This post represents a return after the longest ever abandonment of Artichoke since we started talking together in 2004. We have grown so distant this time... I feel like we have both been bottled and preserved in formaldehyde
That the demands of the day job find me blog “pickled in perpetuity” ... sharing a “a kind of tuberous pallor, something like that of a parsnip.” Is a desperate situation ... I knew this for certain when a friend in Italy, who finds Artichoke unreadable, Skyped me to plead that I restart my conversations with Arti... “if only so that that poor Jane Gilbert who has sat there for ages can move on ... “
Today is a public holiday In New Zealand ... it is Labour Day ... and it marks carpenter Samuel Parnell's refusal to work more than eight hours a day in the 1840’s. The irony in celebrating Labour Day in 2008 is that I don’t meet too many people in the day job who can claim to meet Parnell’s yardstick of eight hours a day. Everyone who has a job in the 21st Century seems to be working much longer than eight hours a day and this doesn’t seem to be a high income or low income thing. It makes me wonder what New Zealand would be like if we were all compelled to work to Parnell’s eight hour rule.

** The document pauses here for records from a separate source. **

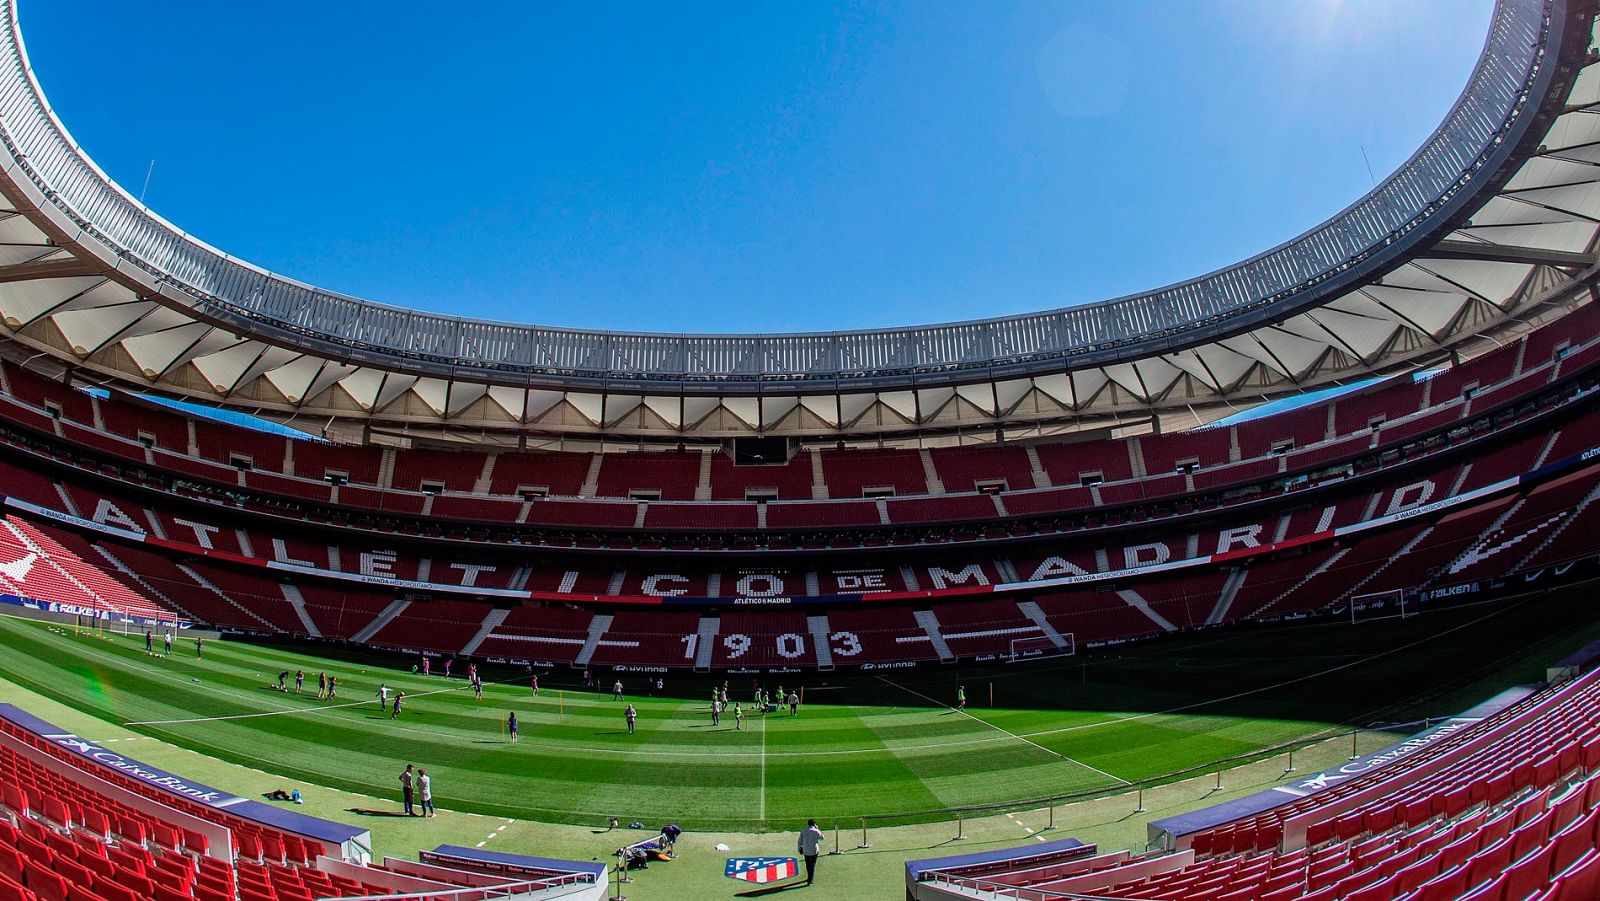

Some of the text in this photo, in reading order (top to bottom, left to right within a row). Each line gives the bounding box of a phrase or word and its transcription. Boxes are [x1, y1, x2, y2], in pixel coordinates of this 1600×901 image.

[46, 510, 66, 521] WANDA
[1400, 508, 1422, 518] WANDA
[367, 577, 389, 585] WANDA
[1074, 574, 1096, 582] WANDA
[681, 632, 863, 659] 1903
[877, 661, 916, 669] HYUNDAI
[1339, 722, 1467, 775] CaixaBank
[93, 752, 219, 801] CaixaBank
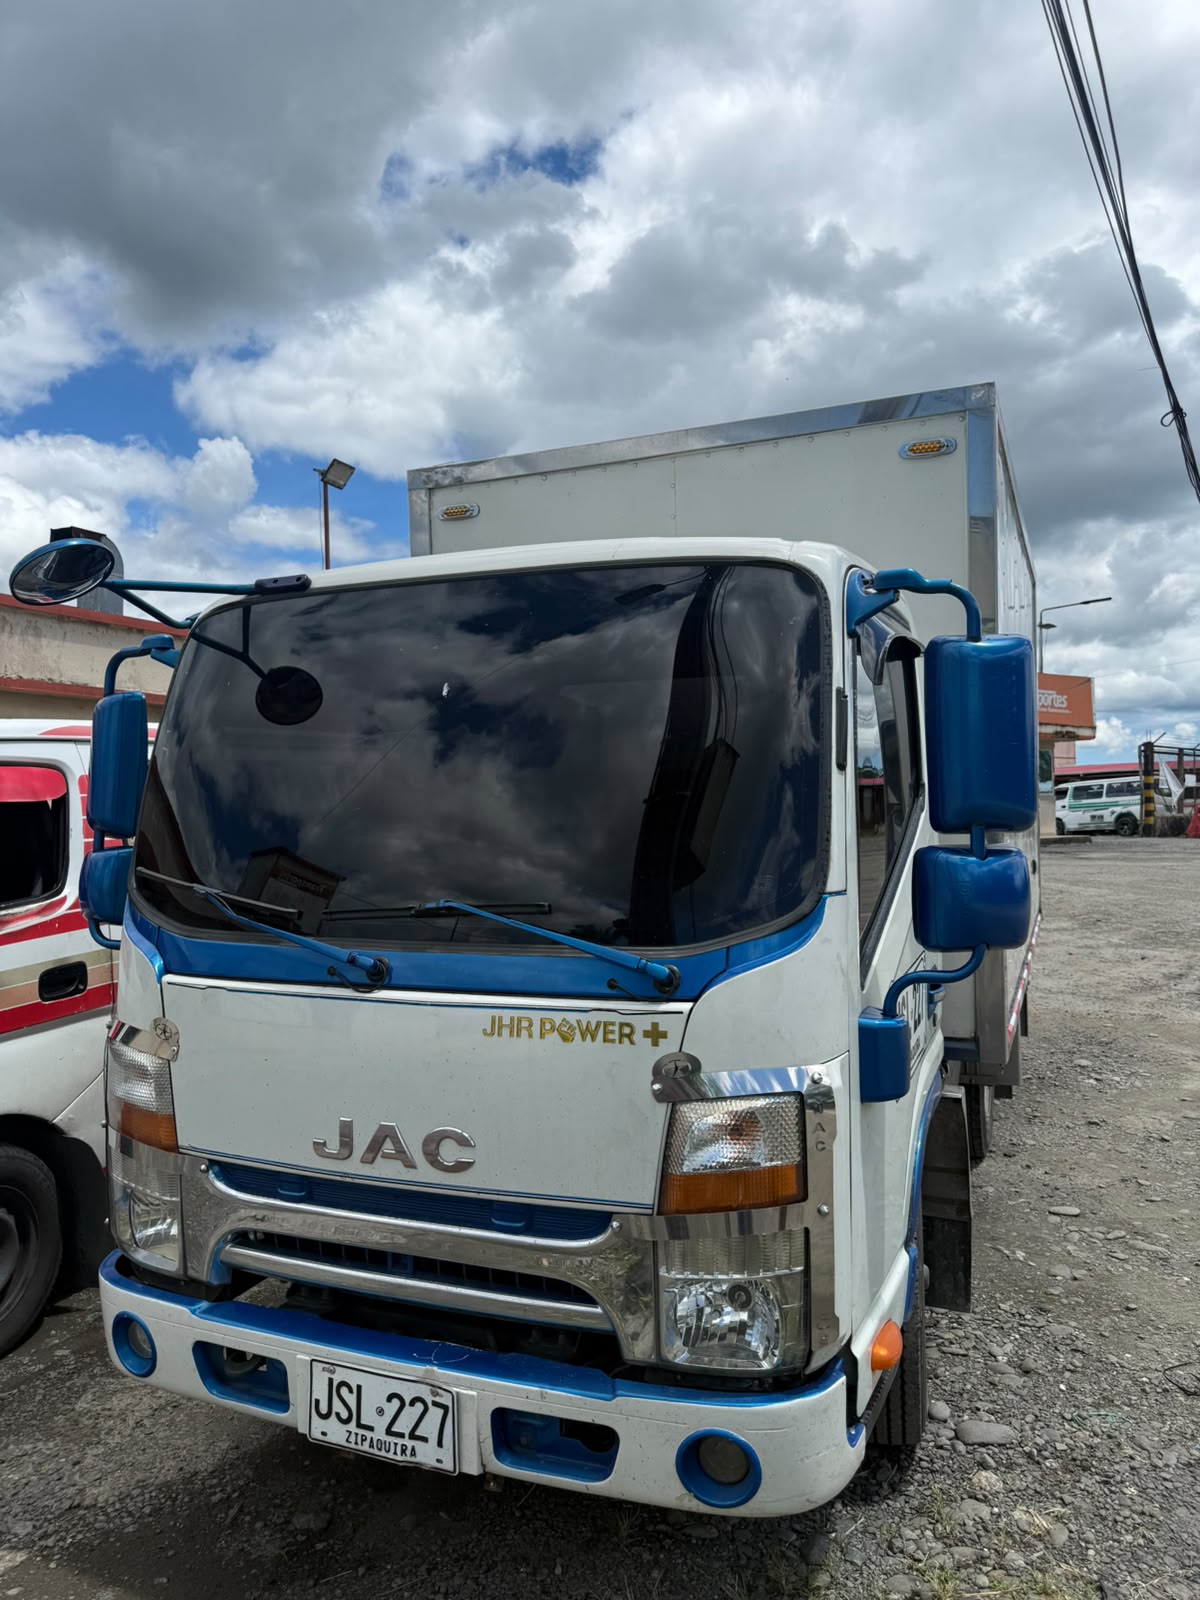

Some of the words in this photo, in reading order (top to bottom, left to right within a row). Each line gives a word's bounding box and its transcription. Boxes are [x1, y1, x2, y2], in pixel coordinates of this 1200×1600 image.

[482, 1015, 534, 1039] JHR
[312, 1116, 477, 1174] JAC
[314, 1377, 375, 1432] JSL
[385, 1392, 450, 1449] 227
[345, 1429, 418, 1459] ZIPAQUIRA

In deference to Parnell I have eschewed the ictpd exit milestone and spent the day offering unwanted advice to the rest of the household – advice on how best to stake a tomato plant, how best to unleash your inner rock hero in Rock Hero III’s Legends of Rock, how best to groom Scarface Claw without being dobbed, how best to get fit by cleaning the bathroom, and how best to purchase a stuffed ferret on TradeMe.
Once my advice had been roundly rejected it was safe to settle down with my latest Amazon must read - Dry Storeroom No.1 – The Secret Life of the Natural History Museum by Richard Fortey.

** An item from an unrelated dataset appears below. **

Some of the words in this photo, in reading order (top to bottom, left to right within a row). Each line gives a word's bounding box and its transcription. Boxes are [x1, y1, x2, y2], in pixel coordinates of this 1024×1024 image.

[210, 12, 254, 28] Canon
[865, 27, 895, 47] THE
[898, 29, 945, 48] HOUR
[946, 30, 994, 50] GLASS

Fortey is highly entertaining, he has good stories, he plays deftly with words and ideas, "All our lives are collections curated through memory".
He has a great eye for people their eccentricities and whimsies. His behind the scenes anecdotes about the characters and exhibition history at the Natural History Museum are totally compelling. I especially enjoyed the new learning I got from his arguments balancing the value in Linnaean binomial nomenclature against PhyloCode – or the case for the inconsistencies of the common language of “people like gardeners or bird watchers or fungus forayers” versus the case for the efficiencies in the strict logic of cladistic phylogenies.
But it was the parallels between how the museum staff coped and didn’t with the changes that introduced a business based management, accountability and performance outcomes and how teachers have coped and not coped with the same stuff that made me smile. Fortey manages very astutely to value both camps in his analysis.
One of my favourite Fortey characters is Leslie Bairstow - who started work in the Department of Palaeontology in the 1930s and managed until retirement to publish absolutely nothing. He may not have been publishing but he was not idle, he was filing ....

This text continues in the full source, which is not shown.